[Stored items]

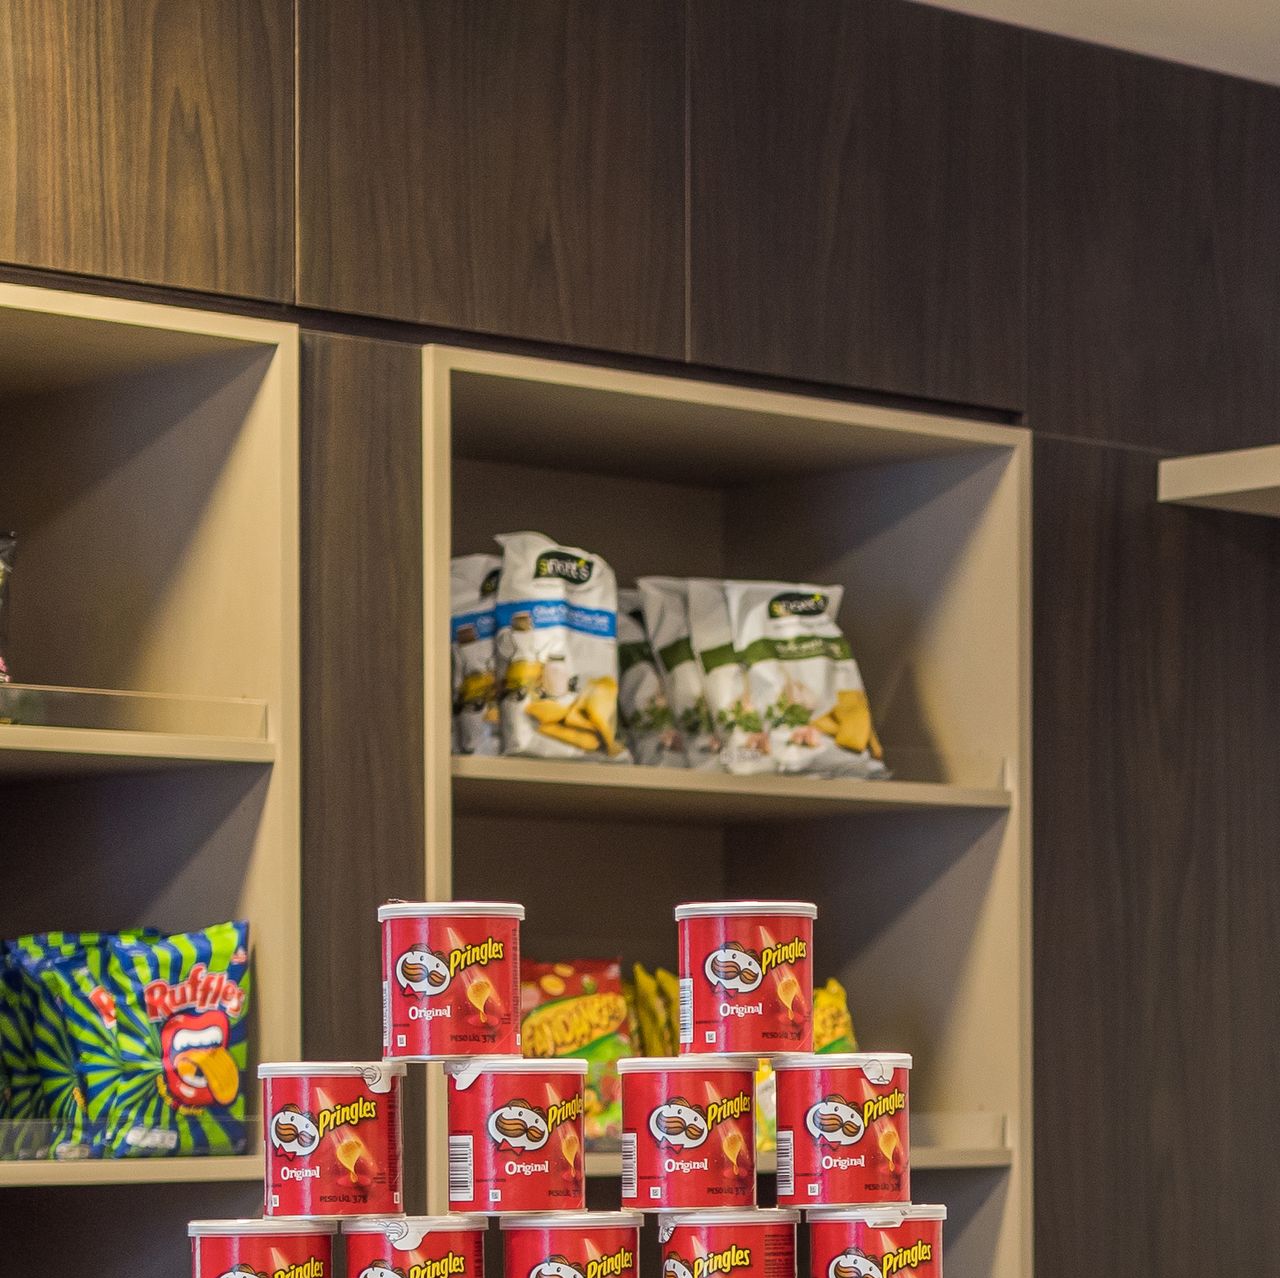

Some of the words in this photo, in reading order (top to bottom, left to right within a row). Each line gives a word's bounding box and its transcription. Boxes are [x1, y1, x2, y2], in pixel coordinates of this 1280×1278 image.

[449, 937, 504, 974] Pringles
[762, 937, 807, 972] Pringles
[144, 962, 245, 1022] Ruffles
[408, 1003, 452, 1021] Original
[718, 1001, 763, 1019] Original
[318, 1097, 377, 1138] Pringles
[707, 1090, 750, 1132] Pringles
[863, 1087, 905, 1129] Pringles
[280, 1165, 321, 1182] Original
[504, 1159, 549, 1176] Original
[664, 1157, 709, 1173] Original
[821, 1154, 866, 1171] Original

- [What is required] If any image appears in the entries, omit it and return the rest verbatim.

- [Result below]
Some of the words in this photo, in reading order (top to bottom, left to right within a row). Each line gives a word's bounding box and its transcription. Boxes are [x1, y1, x2, y2], in pixel coordinates of this 1280×1278 image.

[449, 937, 504, 974] Pringles
[762, 937, 807, 972] Pringles
[144, 962, 245, 1022] Ruffles
[408, 1003, 452, 1021] Original
[718, 1001, 763, 1019] Original
[318, 1097, 377, 1138] Pringles
[707, 1090, 750, 1132] Pringles
[863, 1087, 905, 1129] Pringles
[280, 1165, 321, 1182] Original
[504, 1159, 549, 1176] Original
[664, 1157, 709, 1173] Original
[821, 1154, 866, 1171] Original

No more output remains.